Mohammad Mostafaei diz que foi para o país por ter visto de visitante e recebeu ajuda da embaixada da Noruega na Turquia na fuga

Reuters |

O advogado iraniano que defendeu uma mulher condenada à morte por apedrejamento no Irã disse no domingo que fugiu para a Noruega em busca de proteção contra as autoridades do seu país. O advogado de direitos humanos Mohammad Mostafaei, de 37 anos, desapareceu de Teerã no dia 24 de julho, depois de ser interrogado pelas autoridades iranianas. Sua mulher e seu cunhado foram presos mais tarde, de acordo com um relatório da Anistia Internacional.

Um dos maiores críticos do sistema judicial iraniano, Mostafaei disse em coletiva de imprensa em Oslo que ele já defendeu centenas de clientes, inclusive jovens que enfrentam a pena de morte.

"Mas, qual foi a minha recompensa por isso? Uma ordem de prisão contra mim e a prisão da minha esposa e do irmão dela quando eles não conseguiram me pegar", ele disse.

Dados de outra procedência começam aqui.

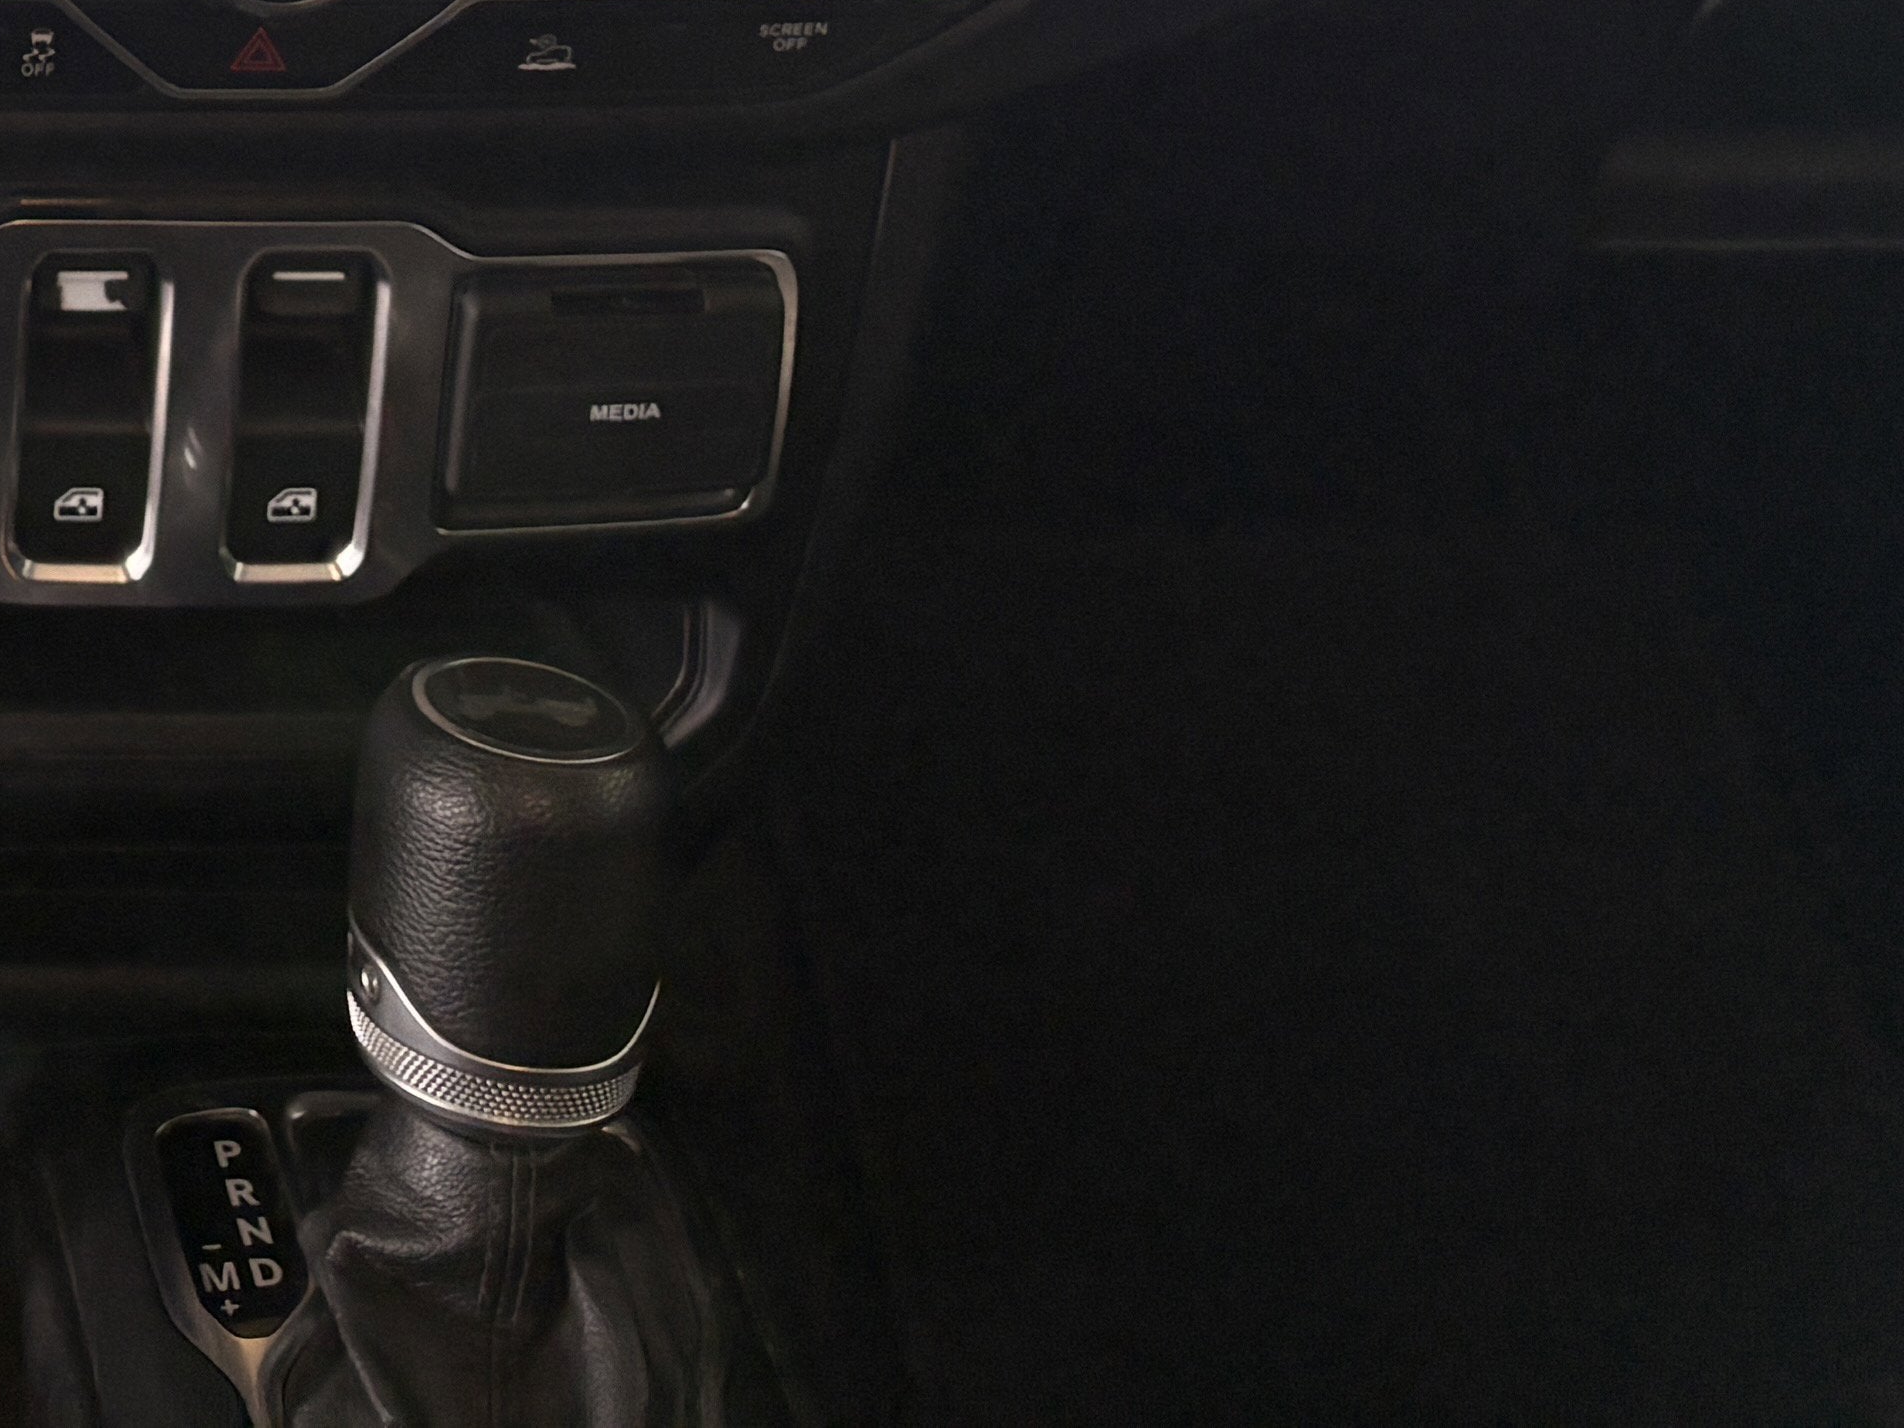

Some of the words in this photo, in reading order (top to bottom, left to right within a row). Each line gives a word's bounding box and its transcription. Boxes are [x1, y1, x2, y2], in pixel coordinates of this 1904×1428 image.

[758, 20, 828, 39] SCREEN
[772, 36, 808, 53] OFF
[21, 62, 55, 78] OFF
[589, 401, 661, 423] MEDIA
[213, 1140, 241, 1168] P
[225, 1178, 260, 1207] R
[236, 1216, 274, 1246] N
[199, 1261, 241, 1293] M
[249, 1257, 283, 1287] D

O advogado acrescentou que foi para a Noruega porque tinha um visto de visitante e recebeu ajuda da embaixada da Noruega na Turquia, depois de fugir para lá de carro, a cavalo e a pé.

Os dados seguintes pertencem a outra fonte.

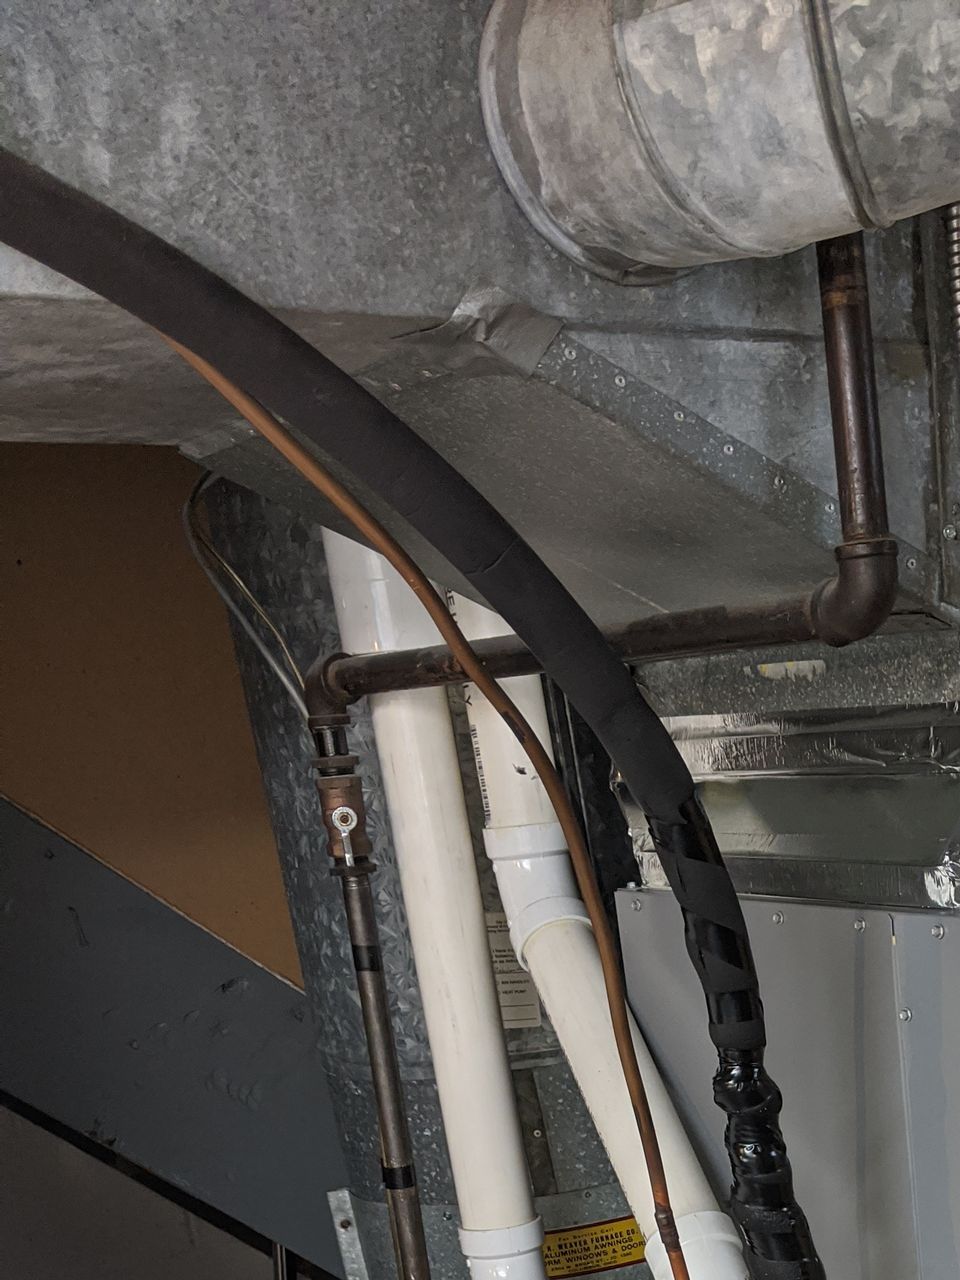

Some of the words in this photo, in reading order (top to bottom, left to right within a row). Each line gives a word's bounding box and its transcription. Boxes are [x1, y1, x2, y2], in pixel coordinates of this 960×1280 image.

Um dos clientes de Mostafaej é Sakineh Mohammadi Ashtiani, uma mulher de 43 anos condenada à morte por apedrejamento por adultério -- uma acusação que ela nega -- em um caso que provocou condenação internacional.

Mostafaei disse que foi para a Turquia uma semana atrás, depois que as autoridades iranianas prenderam sua mulher, Fereshteh, e o irmão dela.

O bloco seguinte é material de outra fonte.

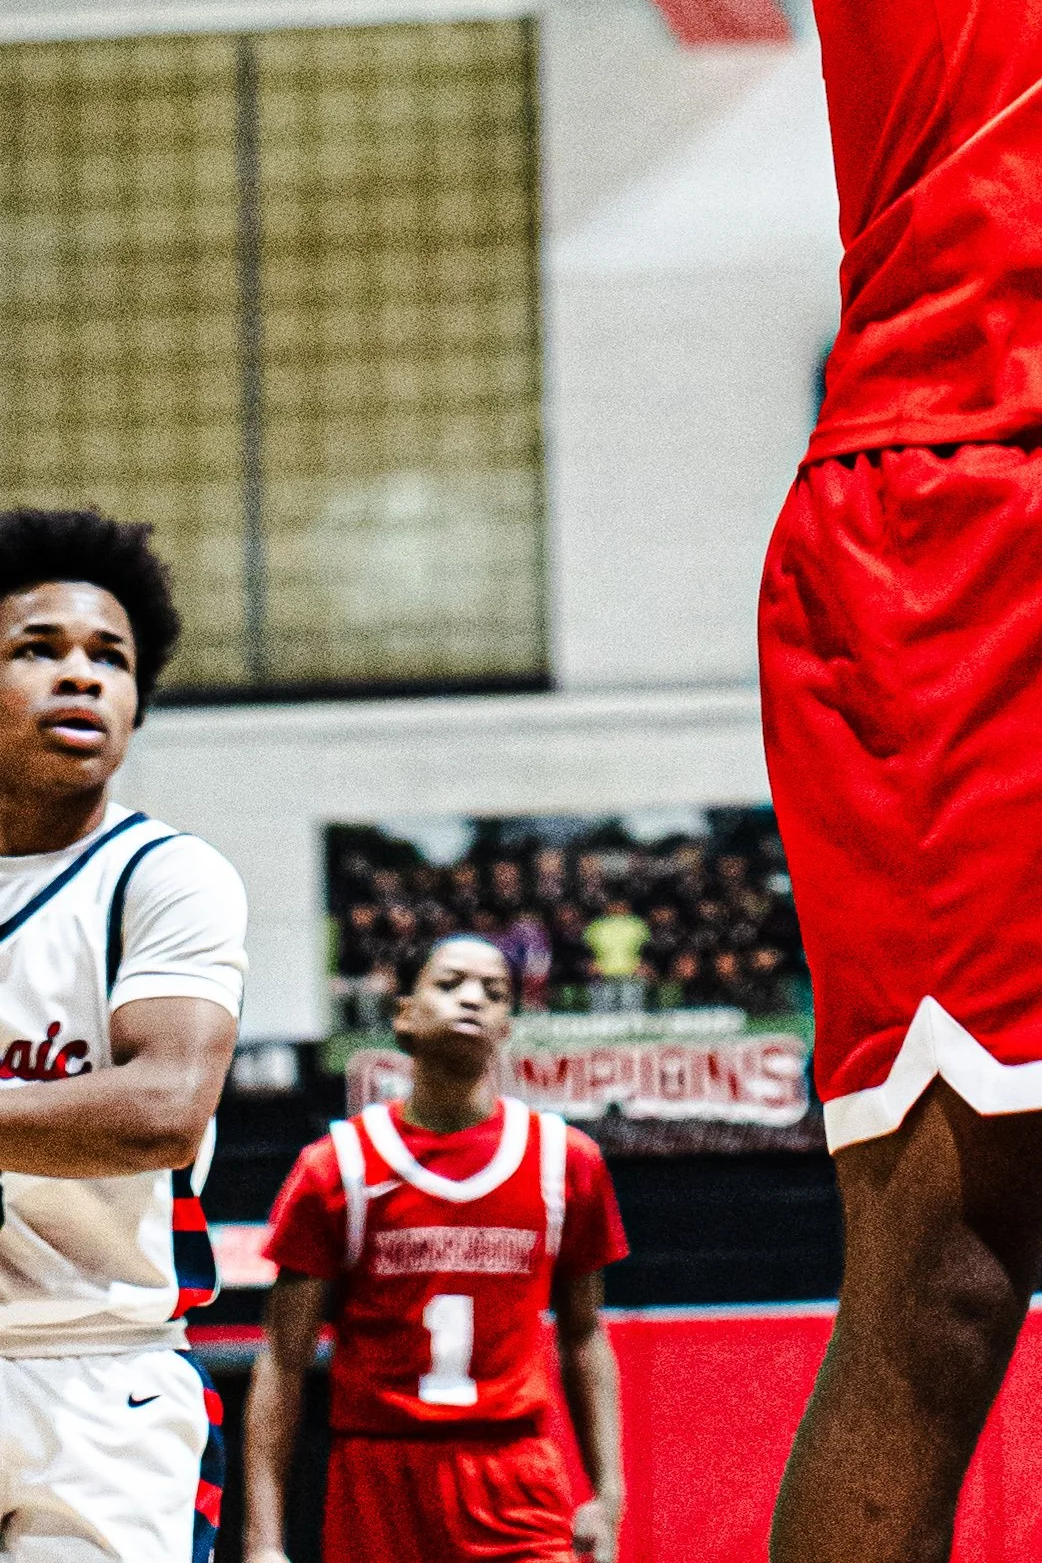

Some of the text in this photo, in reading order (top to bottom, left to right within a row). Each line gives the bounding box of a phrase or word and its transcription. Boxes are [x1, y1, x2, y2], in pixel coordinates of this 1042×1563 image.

Ele afirmou que sua mulher foi libertada no sábado e que espera que ela e a filha deles, de sete anos, viajem para a Noruega.

Assassinato, estupro, adultério, assalto à mão armada, apostasia e tráfico de drogas são crimes passíveis de pena de morte pela lei sharia do Irã, em vigor desde a revolução islâmica de 1979.

No domingo, o ministro das Relações Exteriores da Noruega, Jonas Gahr Stoere, disse que estava feliz em saber que Mostafaej estava em segurança.

"Mas continuamos preocupados e focados no destino de outros defensores de direitos humanos no Irã, e claro, em seus clientes", disse ele à Reuters.